We’ve had so much turmoil in the last few weeks. We’ve had a terrorist attack on the Boston Marathon and followed the discovery and apprehension of the terrorists on live television. Now we’re following the weather and the destruction it brings in the spring. Our weather is somewhat of a terrorist herself. Add in a couple of murder trials on TV and a grab bag of scandals in government and it is just so wearing.
I started to say that I would take a break from writing this week because I’m just plain old tired of thinking—the words just weren’t coming-- but then I realized I could write about that. I’m supposed to lead a workshop on Sabbath in a couple of weeks so I can use writing the blog to help me organized what I want to do at the workshop.
I need a break. A Sabbath.
I thought I would take time while Beaven was gone last week but it never happened. There were too many fun things I wanted to do. I couldn’t make myself eliminate any of them. I’m too engaged in the world. I have to have Sabbath forced upon me. Somebody, please, send me to prison or something.
Whenever I get to thinking about the Sabbath I always think of Nancy Greenfield, my Jewish friend. Her family really does observe the Sabbath. This meant when her kids were little they couldn’t watch TV, the universal babysitter, so Nancy and her husband played board games with them. They spent all day in their pajamas playing games with their kids. I could go for sitting around in my jammies but I hate board games. Absolutely hate them. In hell, I would be forced to play board games. I’m good for about 20 minutes of Monopoly and that is only because I love my grandkids so much.
I went to a Christian definition of Sabbath. Thankfully, it said nothing about board games.
I’m reading a book called Sabbath in the Suburbs written by MaryAnn McKibben Dana. The suburbs typically have very rigid rules about being as busy as you can possibly get, 24/7 with no break for Christmas. You can imagine her struggle with taking a Sabbath. In the early pages she says she decided her definition of Sabbath would boil down to not doing “any activity that changes one’s environment .….Sabbath would be a day of giving up trying to change things”.

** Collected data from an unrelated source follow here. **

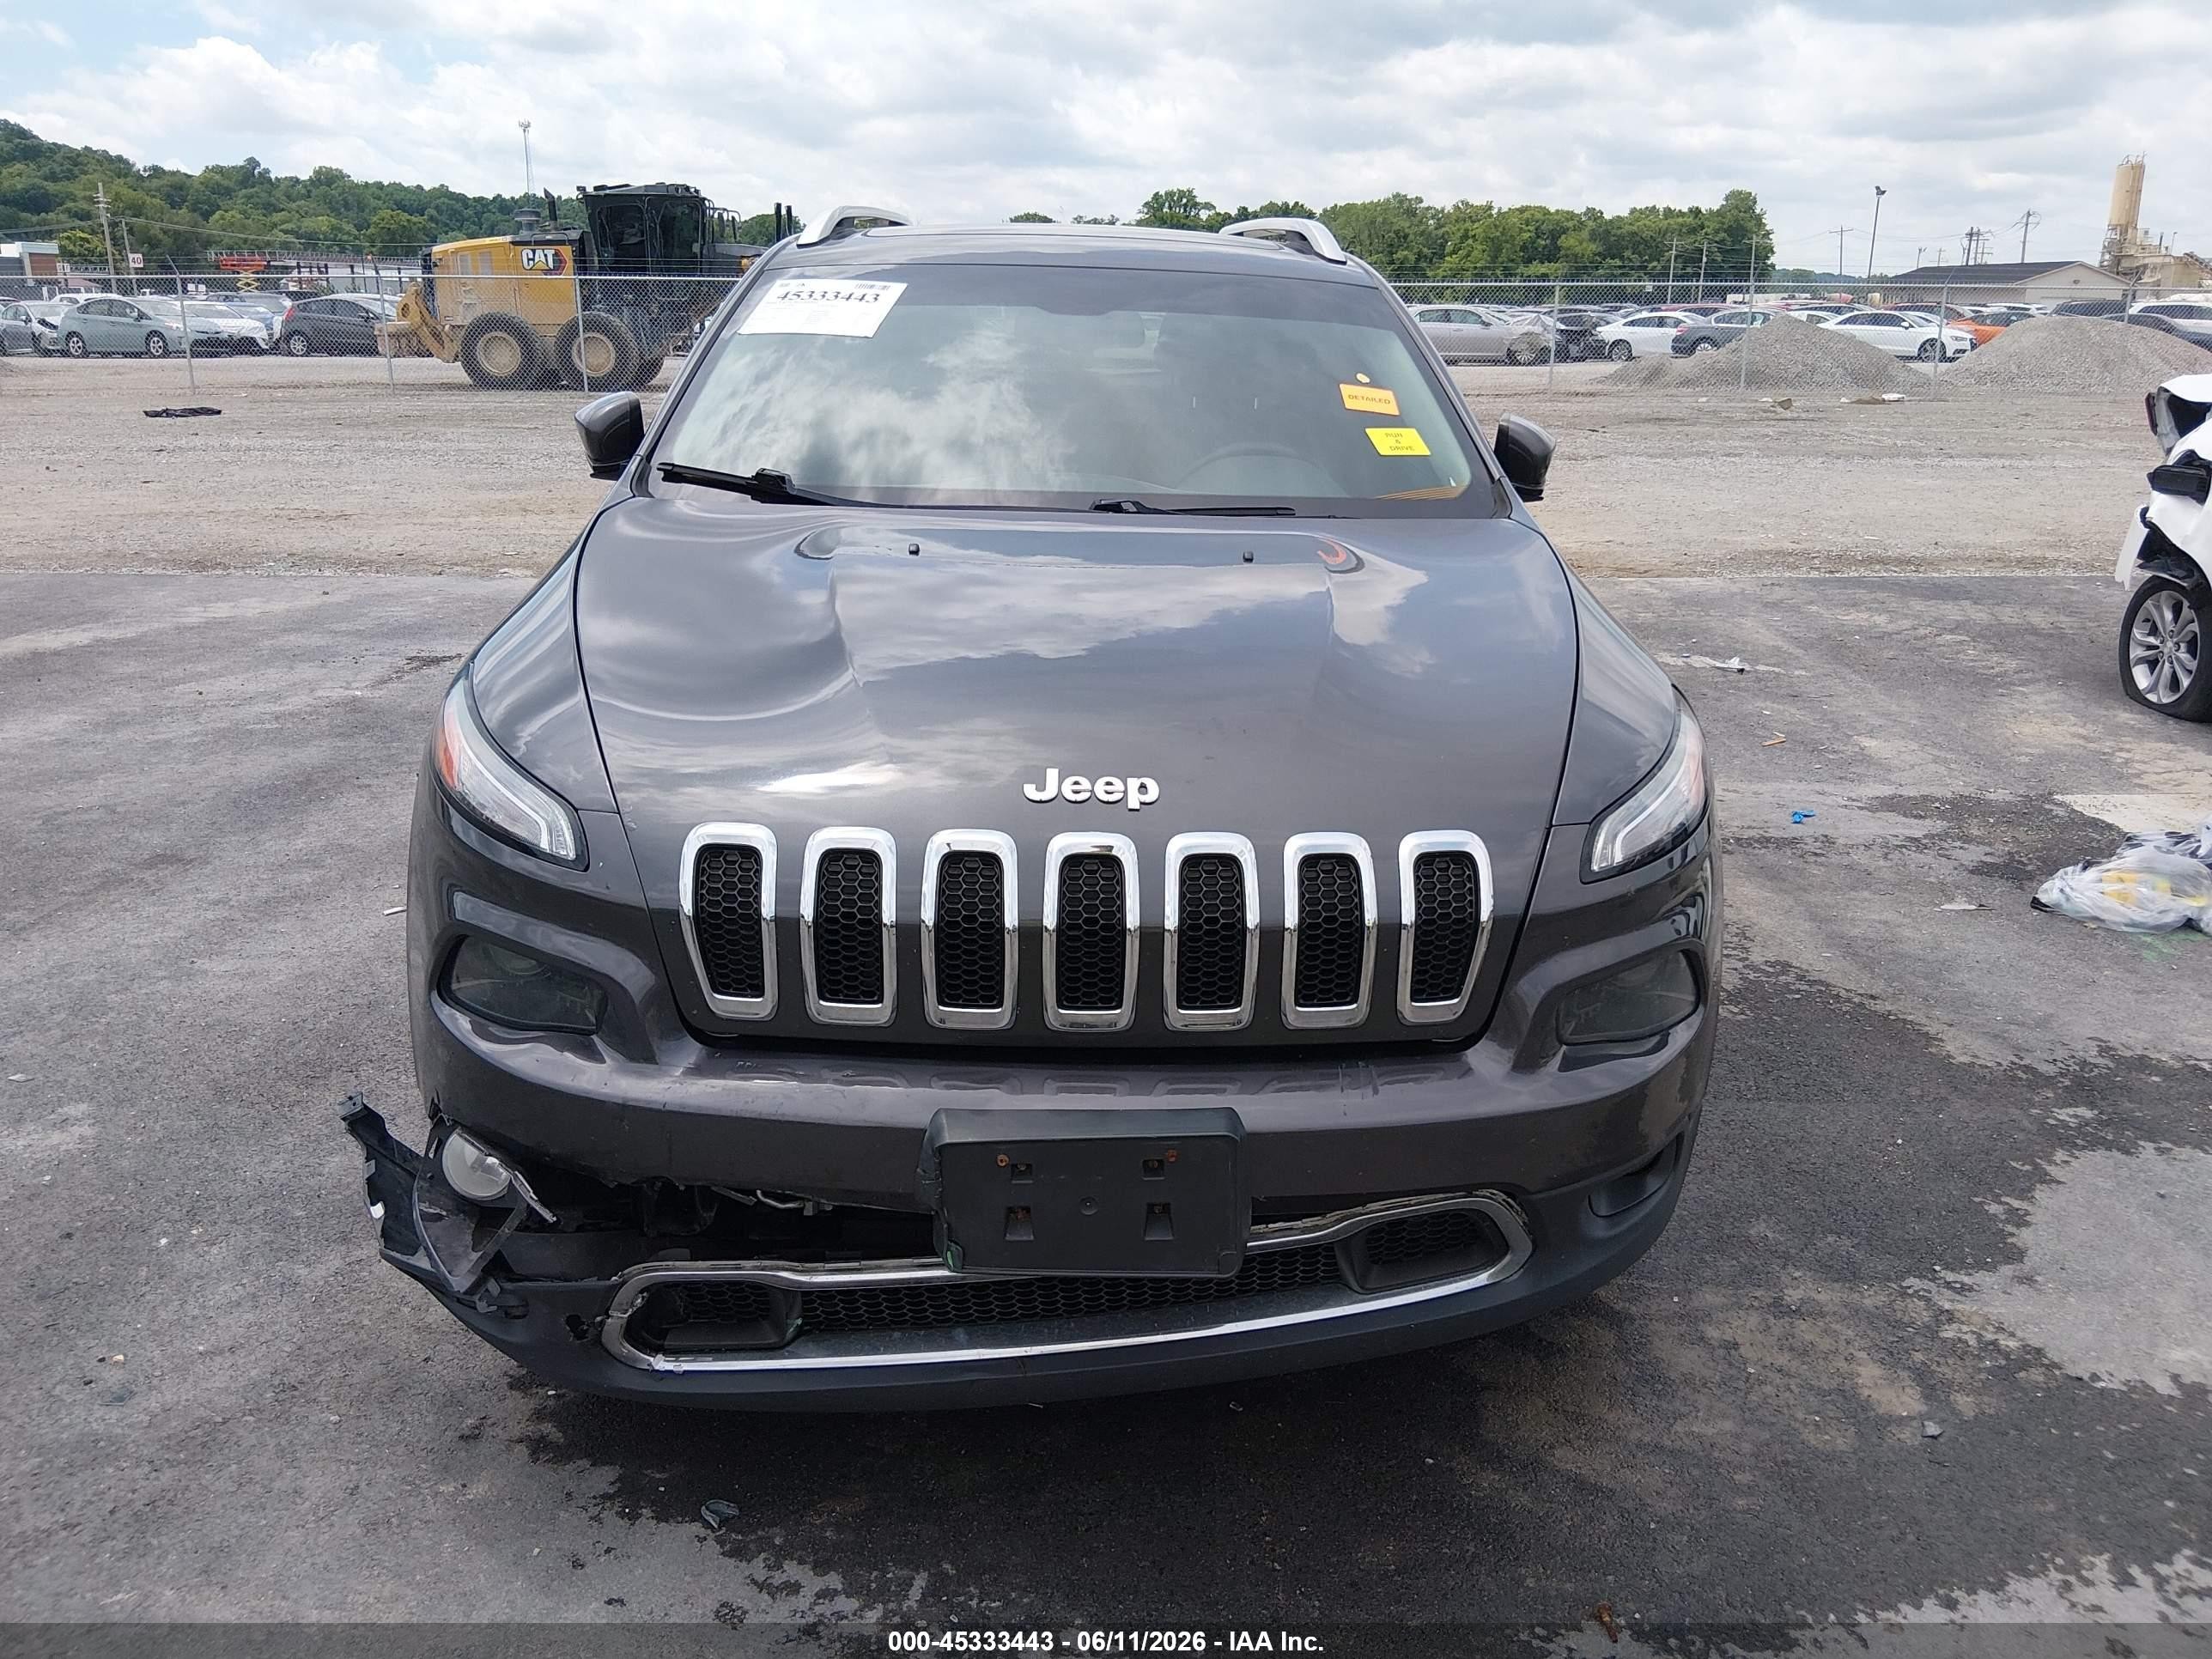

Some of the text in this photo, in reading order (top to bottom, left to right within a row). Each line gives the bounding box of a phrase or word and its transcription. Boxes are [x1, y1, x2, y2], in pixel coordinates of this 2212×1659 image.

[131, 257, 142, 265] 40
[521, 248, 556, 270] CAT
[777, 290, 881, 304] 45333443
[1347, 394, 1391, 404] DETAILED
[1023, 768, 1159, 811] Jeep

The act of Creation was sheer change and God rested from it after making six major changes in our planet. Even God gets tired and needs a rest.

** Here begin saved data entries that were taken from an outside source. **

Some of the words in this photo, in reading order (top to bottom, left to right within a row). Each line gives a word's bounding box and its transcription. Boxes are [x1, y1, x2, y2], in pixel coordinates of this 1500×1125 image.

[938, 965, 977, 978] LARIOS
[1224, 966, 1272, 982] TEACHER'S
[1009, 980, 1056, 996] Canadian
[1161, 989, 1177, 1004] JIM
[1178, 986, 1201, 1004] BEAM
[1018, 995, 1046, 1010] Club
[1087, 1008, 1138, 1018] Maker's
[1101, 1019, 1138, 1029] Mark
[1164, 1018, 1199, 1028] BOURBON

“Not changing anything or creating anything” was starting to sound like a definition I can live with.
Not changing anything. This includes cooking, which changes the food. But I could eat raw things. Carrots, celery. Ouch!- no popcorn (massive change to the corn kernel) Maybe eating at a restaurant would be OK since I wouldn’t do the cooking. Watching TV would be OK. I decided I could change the channel because that still wasn’t changing the program itself. No need to do laundry because that would change things from dirty to clean. Same with dirty dishes. I’m on a roll here.
Getting back to the basics, I remind myself, Sabbath is principally for resting; for being still. I’m not very good at being still.

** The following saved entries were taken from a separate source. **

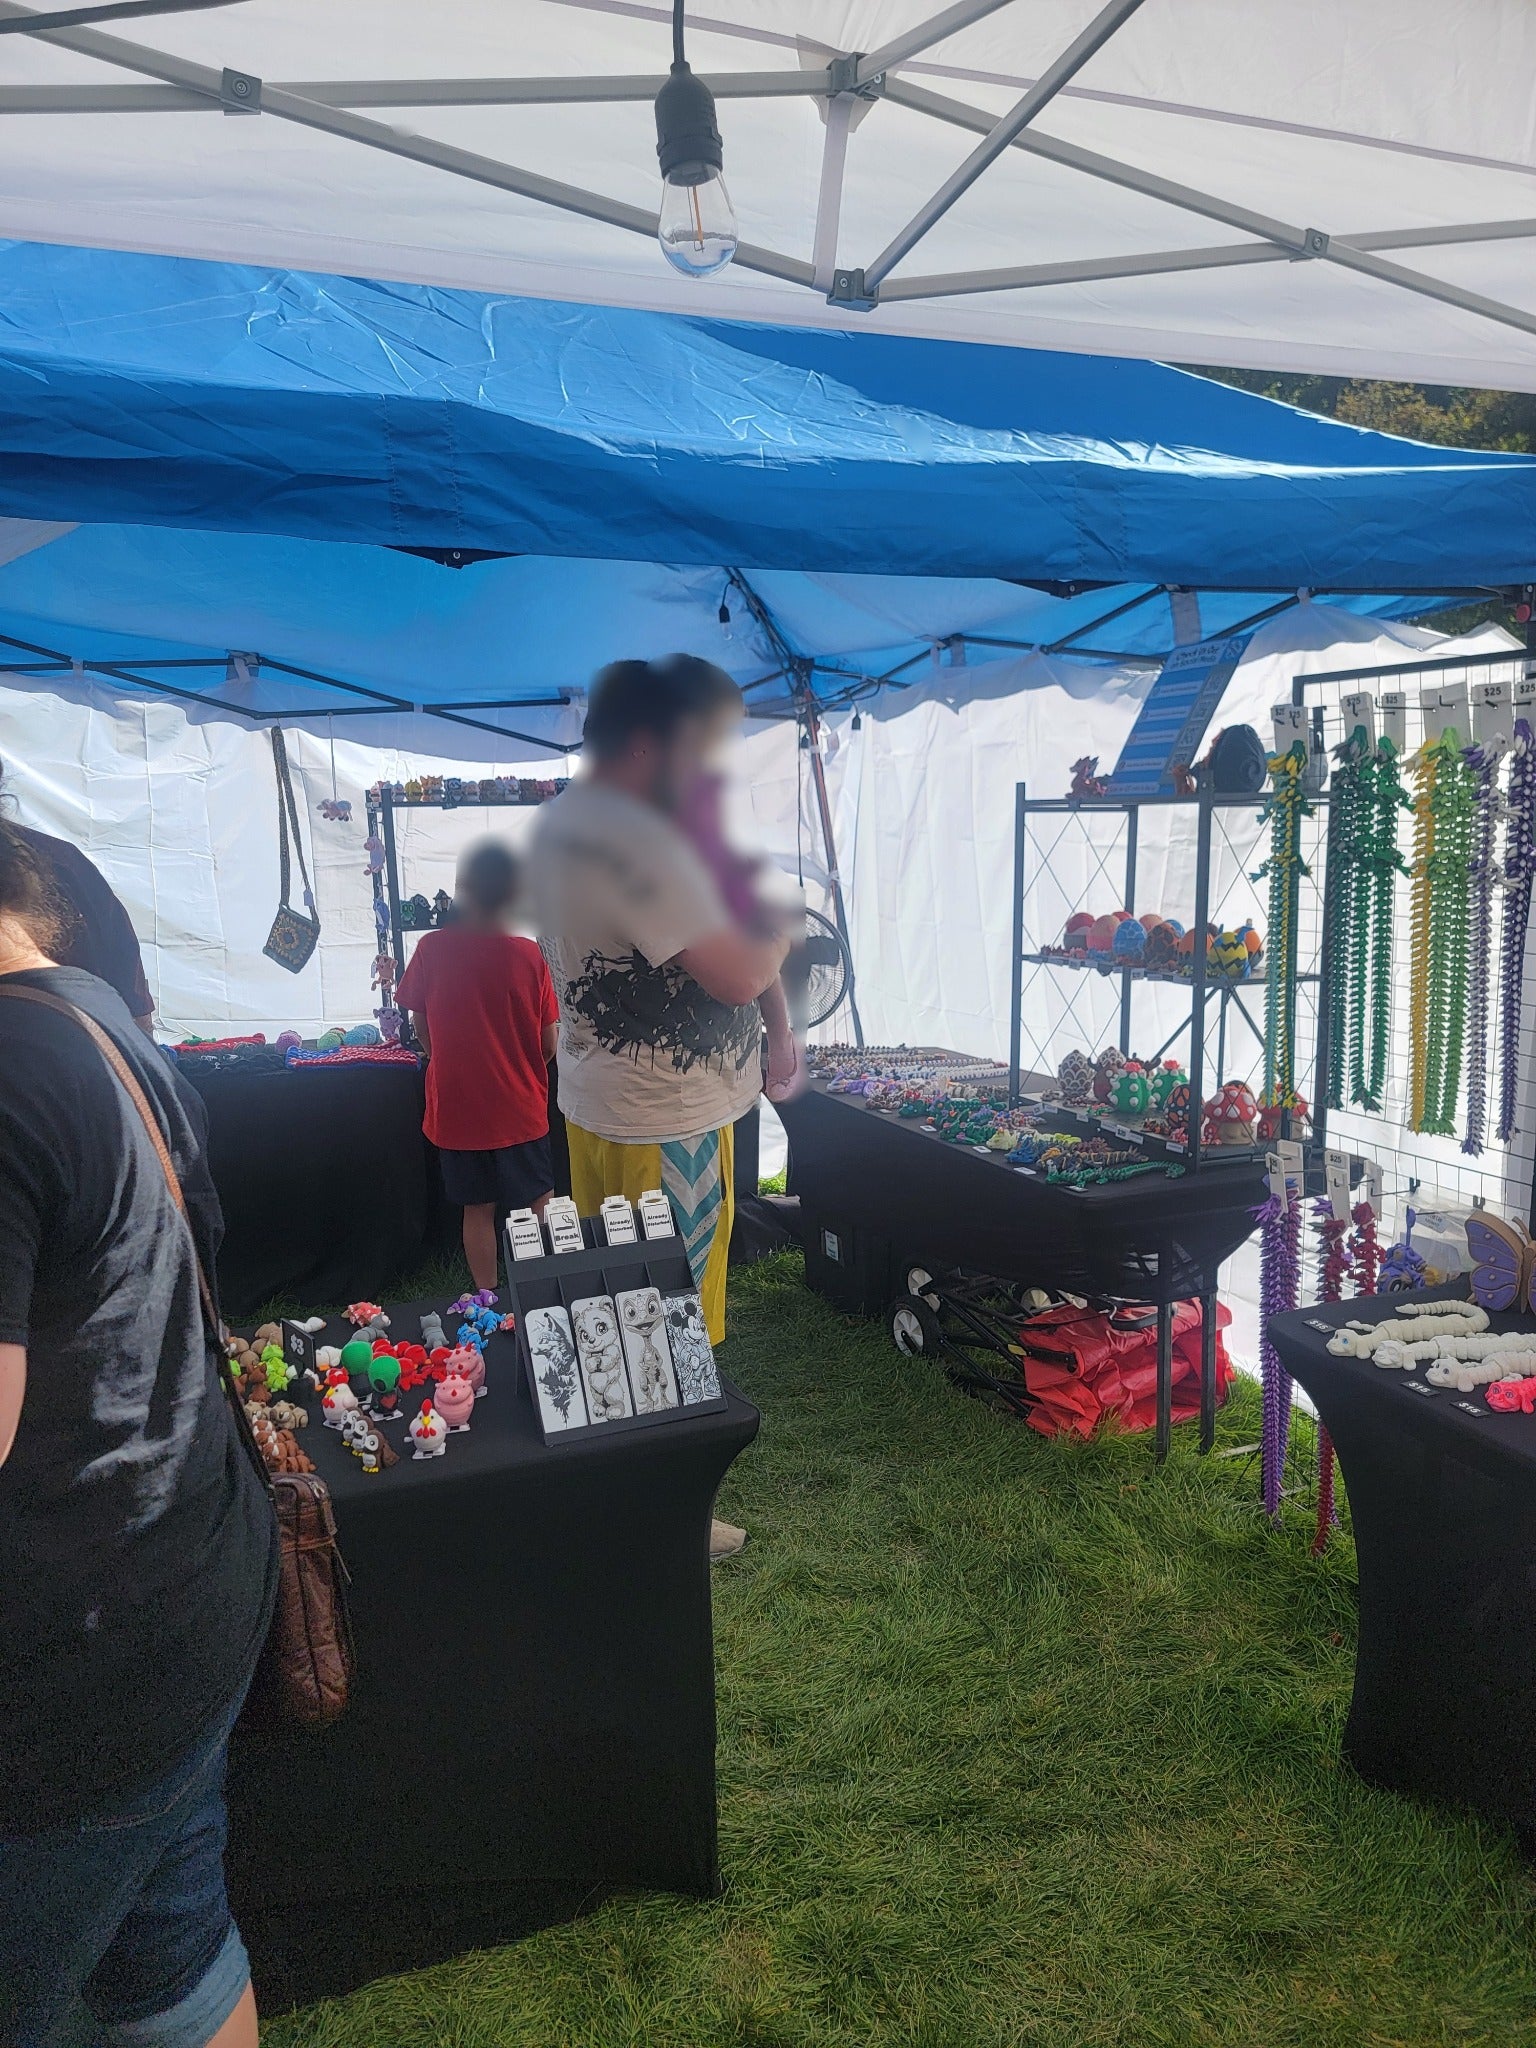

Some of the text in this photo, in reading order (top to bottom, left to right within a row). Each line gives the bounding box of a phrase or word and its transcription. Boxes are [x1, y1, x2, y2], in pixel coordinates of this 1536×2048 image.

[1484, 686, 1501, 697] $25
[1520, 683, 1536, 694] $25
[1386, 695, 1398, 704] $25
[1330, 1154, 1342, 1164] $25
[647, 1213, 668, 1221] Already
[609, 1225, 634, 1233] Disturbed
[514, 1231, 537, 1240] Already
[554, 1232, 580, 1242] Break
[514, 1239, 540, 1247] Disturbed
[1309, 1320, 1329, 1330] $15
[291, 1333, 304, 1355] $3
[1408, 1382, 1431, 1393] $15
[1458, 1402, 1481, 1413] $15

Then I read a quote from Wayne Muller in a book he wrote about the Sabbath, called Sabbath: Finding Rest, Renewal and Delight in Our Busy Lives:
When we breathe, we do not stop inhaling because we have taken in all the oxygen we will ever need, but because we have all the oxygen we need for this breath. Then we exhale, release carbon dioxide, and make room for more oxygen. Sabbath, like the breath, allows us to imagine we have done enough work for this day. Do not be anxious about tomorrow, Jesus said again and again. Let the work of this day be sufficient.
I’m all about long-term planning. It’s a very smart thing to do in my book. But it has its place. Once in a while we are called to just BE for the moment. Jon Kabbat-Zinn wrote a whole book called Everywhere You Go There You Are and the title says it all.
In full disclosure, I have just mentioned three books and I have to confess that I have never actually finished any of them. It appears my most basic problem is lack of attention span. I am going to have to muddle through this and find different ways of slowing down, a different way from how the ordinary, book-finishing person would approach the project.
For this moment, as I write, I have had my coffee and want breakfast. Right now, I can tell myself to not be anxious about anything further than a bowl of cereal.
I ate. I’m not hungry anymore. I don’t have to DO anything until I’m hungry again. But within five minutes I started feeling antsy. I read my email and sent out a couple of replies. Technically this wasn’t “change”; rather attention to details or, it you must: sheer procrastination. I decided procrastination on a Sabbath is OK. Probably even something to be proud of.
If you spend your time procrastinating on a Sabbath you are actually observing Sabbath.
So now I have two exercises:
- Don’t create anything. (Genesis 1:31)
- Live in the moment. (Matthew 6: 25-34)
And, best of all: Lookie here, I wrote 962 words for the blog! Maybe I’ll go get into my jammies.